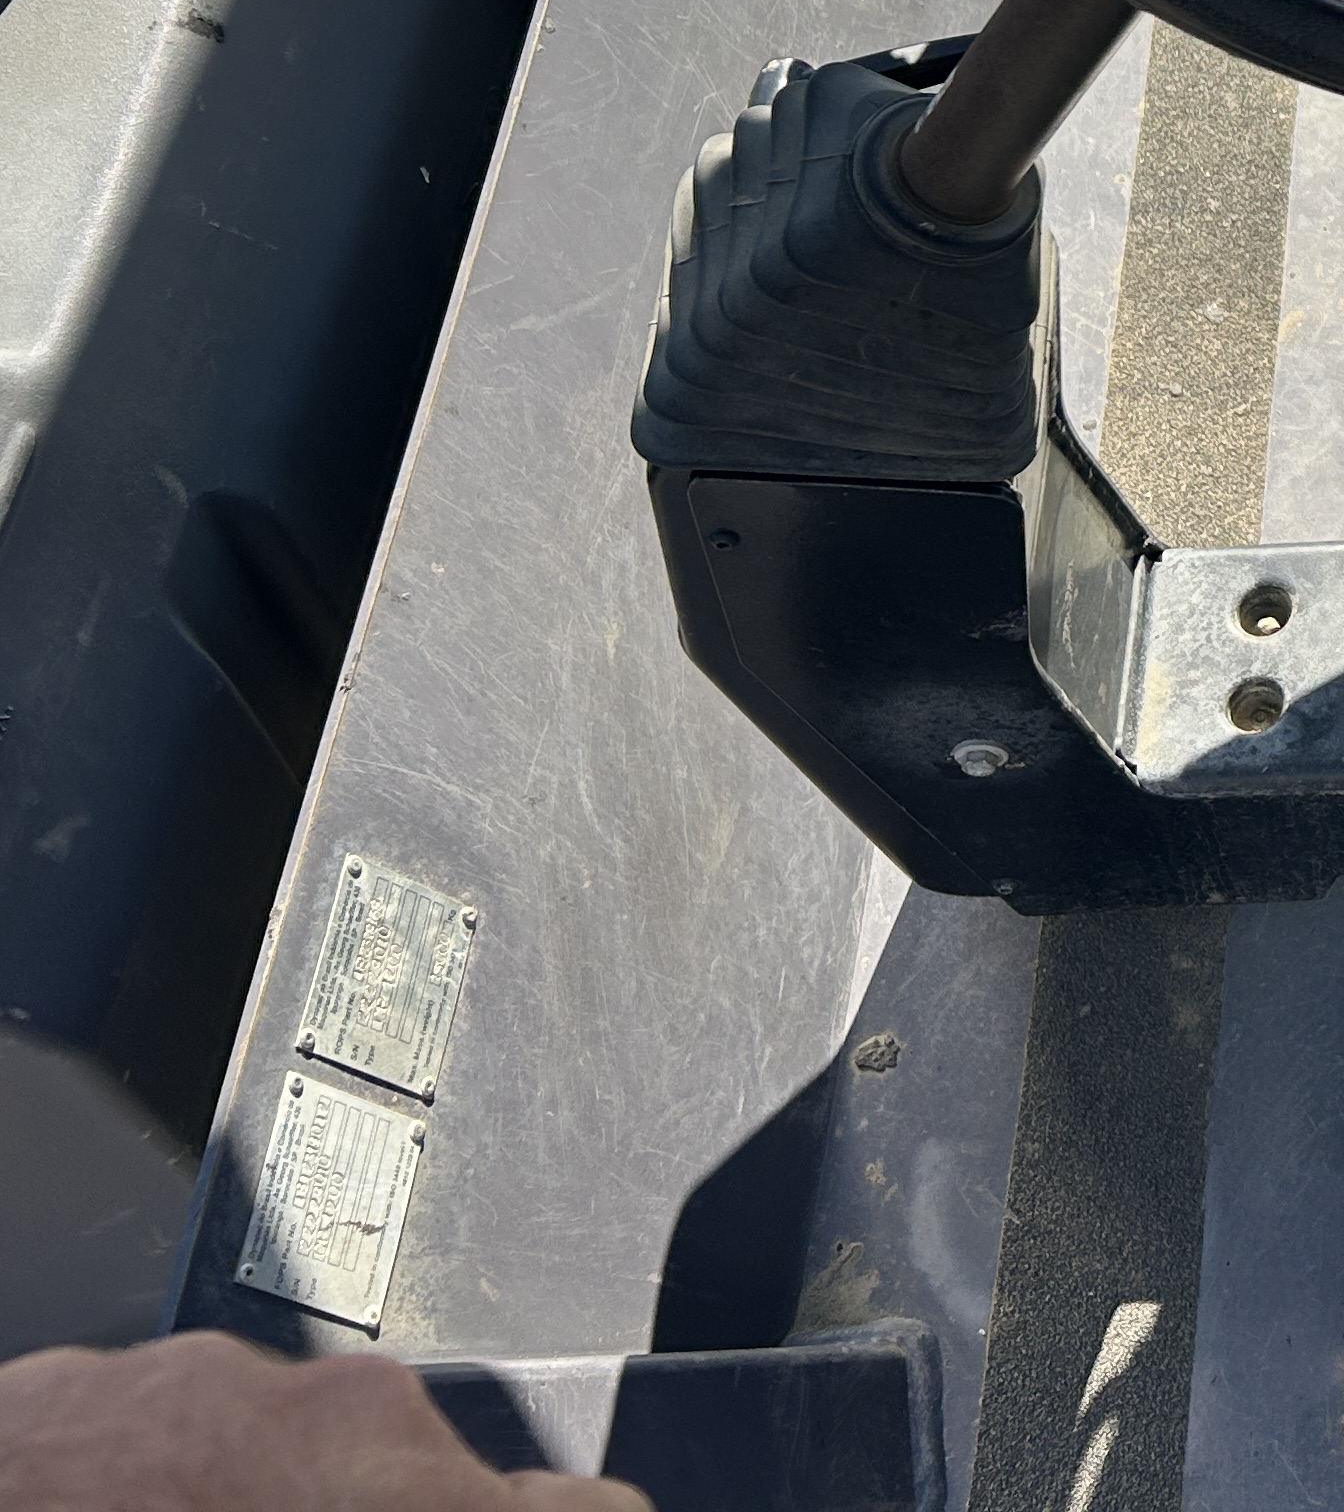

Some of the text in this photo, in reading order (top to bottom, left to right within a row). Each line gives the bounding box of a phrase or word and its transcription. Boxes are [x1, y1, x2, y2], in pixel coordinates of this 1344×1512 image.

[364, 1044, 377, 1068] Type
[281, 1238, 293, 1260] Part
[306, 1276, 319, 1301] Type
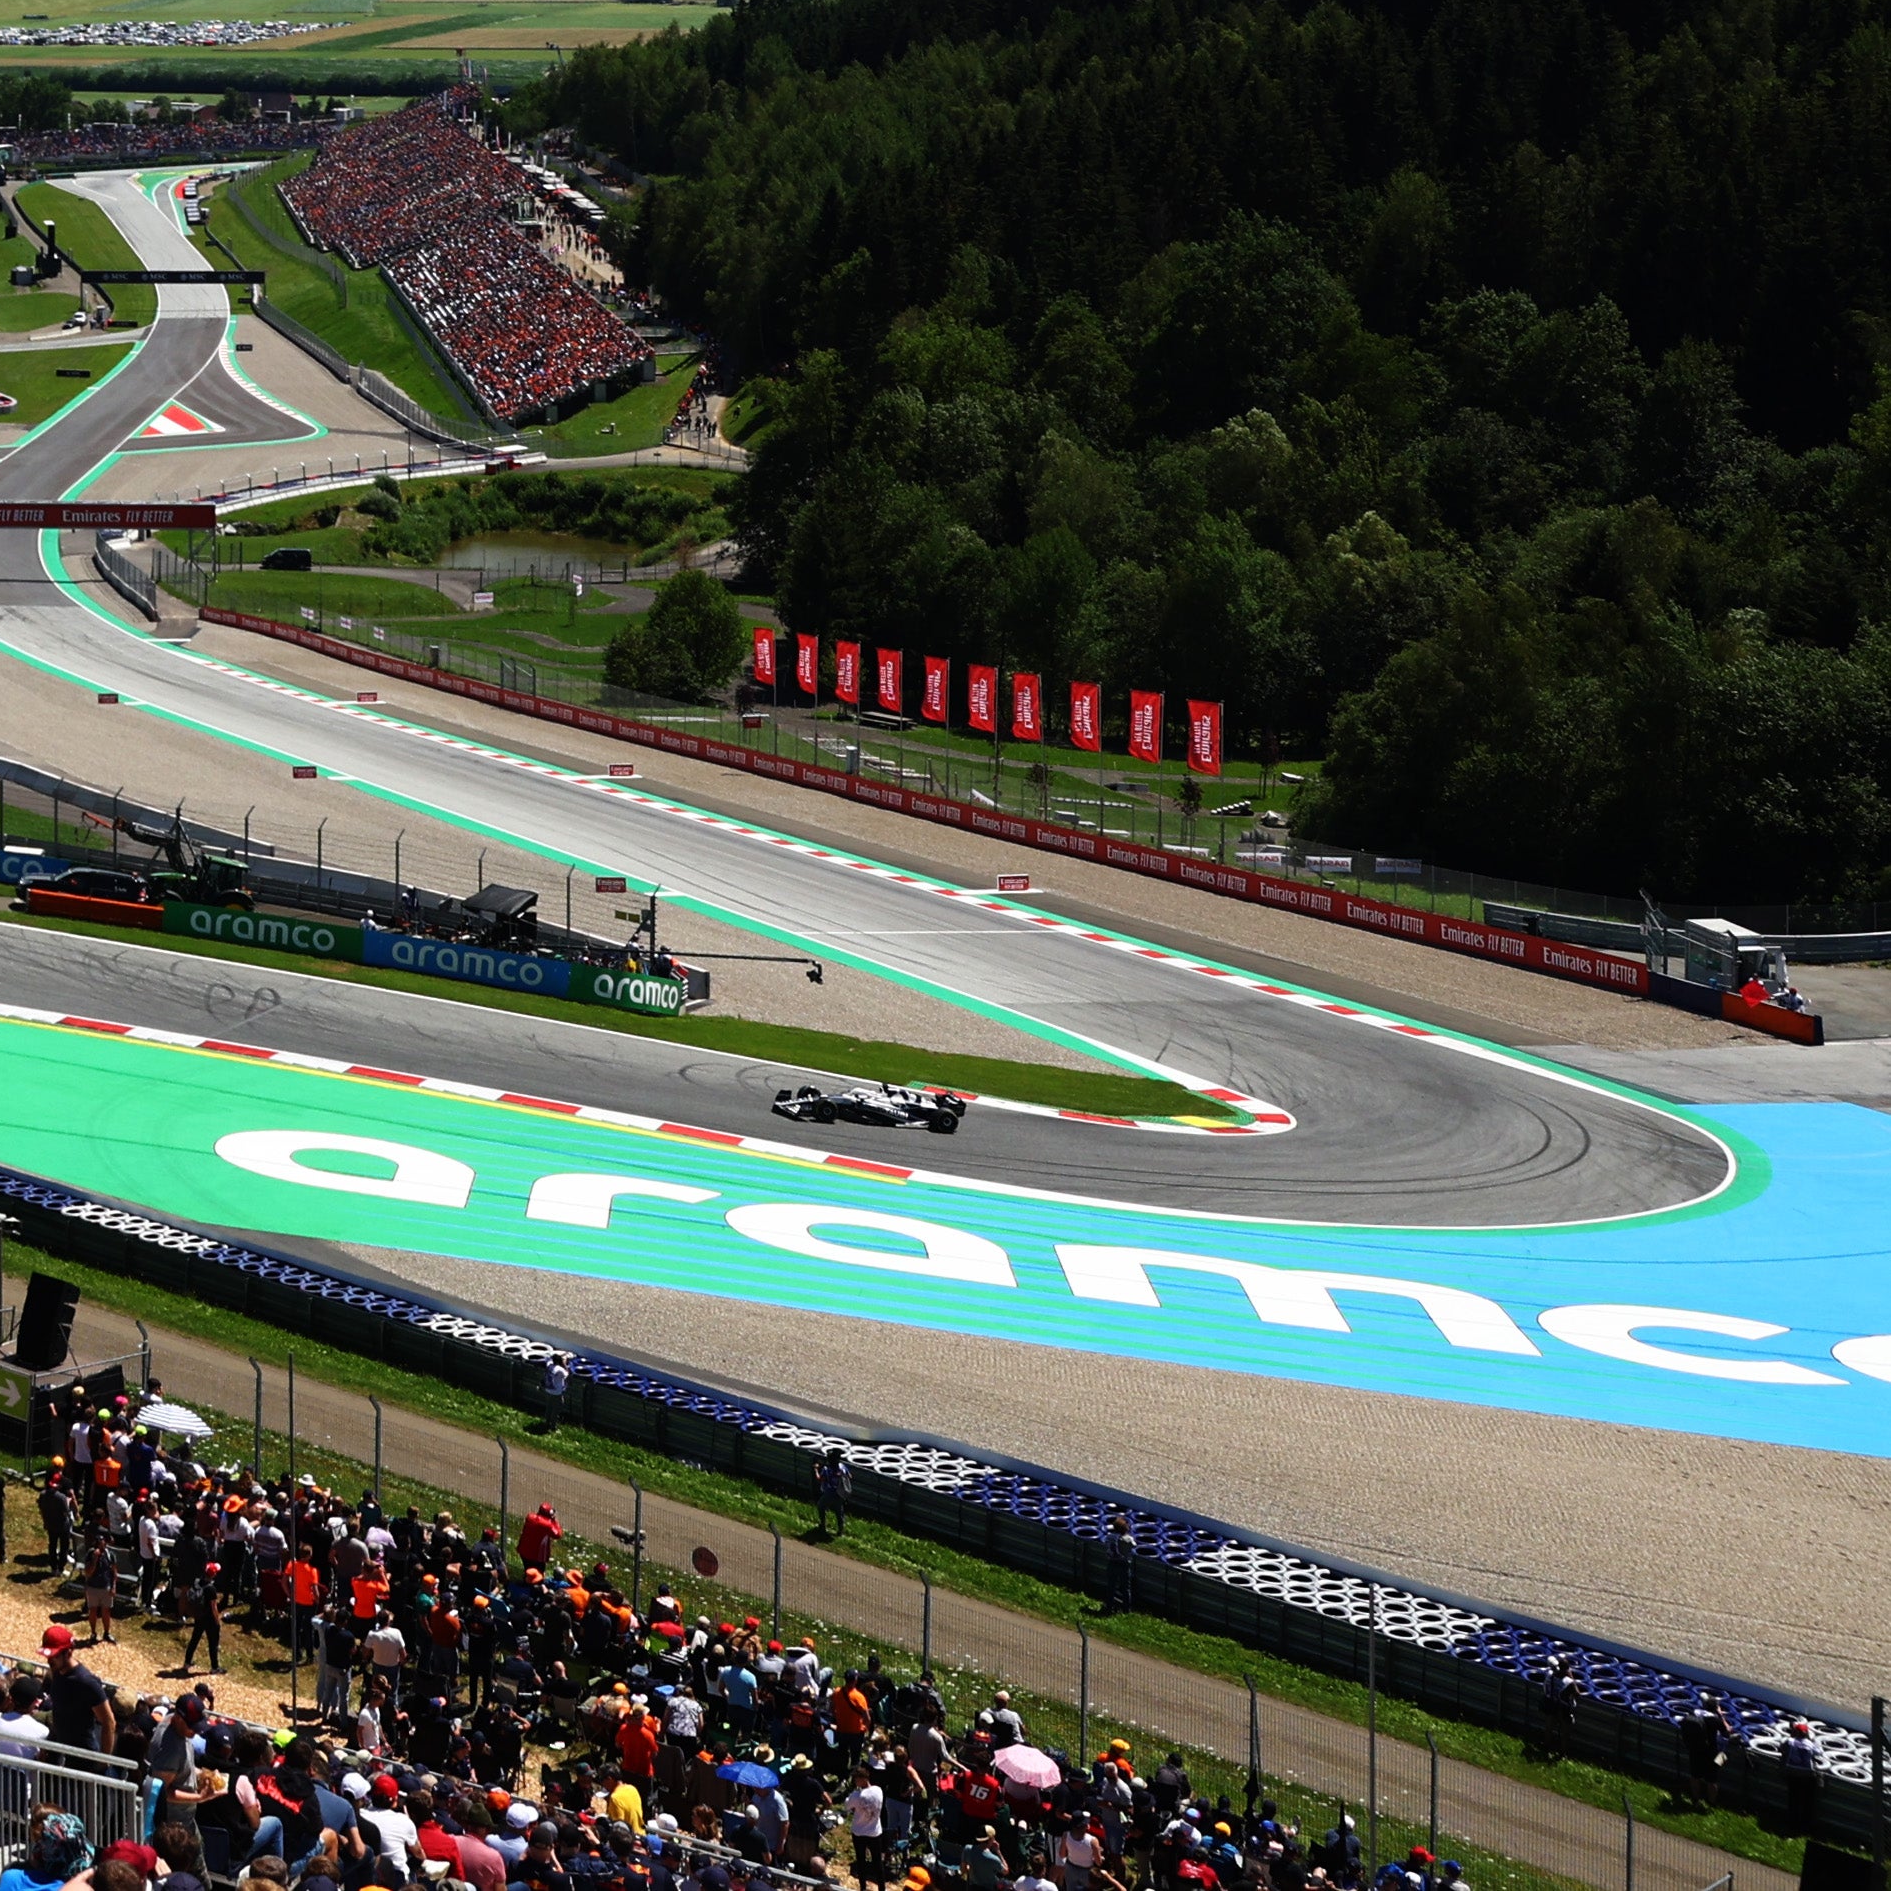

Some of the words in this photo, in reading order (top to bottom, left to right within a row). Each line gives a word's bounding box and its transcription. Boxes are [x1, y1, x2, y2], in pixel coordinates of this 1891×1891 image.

[14, 509, 45, 522] BETTER
[62, 510, 120, 523] Emirates
[126, 511, 140, 523] FLY
[143, 511, 174, 523] BETTER
[1037, 828, 1067, 847] Emirates
[1069, 835, 1078, 850] FLY
[1078, 837, 1095, 854] BETTER
[1107, 845, 1138, 866] Emirates
[1140, 855, 1150, 869] FLY
[1150, 856, 1168, 872] BETTER
[1180, 863, 1216, 885] Emirates
[1217, 870, 1227, 887] FLY
[1228, 873, 1246, 892] BETTER
[1260, 882, 1297, 905] Emirates
[1300, 891, 1310, 907] FLY
[1310, 893, 1331, 911] BETTER
[190, 910, 335, 952] aramco
[1347, 901, 1388, 926] Emirates
[1390, 912, 1401, 929] FLY
[1401, 914, 1424, 935] BETTER
[1440, 923, 1485, 947] Emirates
[1488, 935, 1499, 952] FLY
[1500, 938, 1525, 957] BETTER
[392, 941, 543, 986] aramco
[1543, 946, 1592, 975] Emirates
[1596, 959, 1609, 981] FLY
[1610, 963, 1637, 985] BETTER
[594, 974, 678, 1009] aramco
[214, 1129, 1891, 1387] aramc
[969, 1783, 990, 1800] 16

> EXERCISE DIRECTIONS
Nothing but the lines from the one containing "Some of the words" to the end of the material should be printed, each exactly as written.

> TASK SOLUTION
Some of the words in this photo, in reading order (top to bottom, left to right within a row). Each line gives a word's bounding box and its transcription. Boxes are [x1, y1, x2, y2], in pixel coordinates of this 1891×1891 image.

[14, 509, 45, 522] BETTER
[62, 510, 120, 523] Emirates
[126, 511, 140, 523] FLY
[143, 511, 174, 523] BETTER
[1037, 828, 1067, 847] Emirates
[1069, 835, 1078, 850] FLY
[1078, 837, 1095, 854] BETTER
[1107, 845, 1138, 866] Emirates
[1140, 855, 1150, 869] FLY
[1150, 856, 1168, 872] BETTER
[1180, 863, 1216, 885] Emirates
[1217, 870, 1227, 887] FLY
[1228, 873, 1246, 892] BETTER
[1260, 882, 1297, 905] Emirates
[1300, 891, 1310, 907] FLY
[1310, 893, 1331, 911] BETTER
[190, 910, 335, 952] aramco
[1347, 901, 1388, 926] Emirates
[1390, 912, 1401, 929] FLY
[1401, 914, 1424, 935] BETTER
[1440, 923, 1485, 947] Emirates
[1488, 935, 1499, 952] FLY
[1500, 938, 1525, 957] BETTER
[392, 941, 543, 986] aramco
[1543, 946, 1592, 975] Emirates
[1596, 959, 1609, 981] FLY
[1610, 963, 1637, 985] BETTER
[594, 974, 678, 1009] aramco
[214, 1129, 1891, 1387] aramc
[969, 1783, 990, 1800] 16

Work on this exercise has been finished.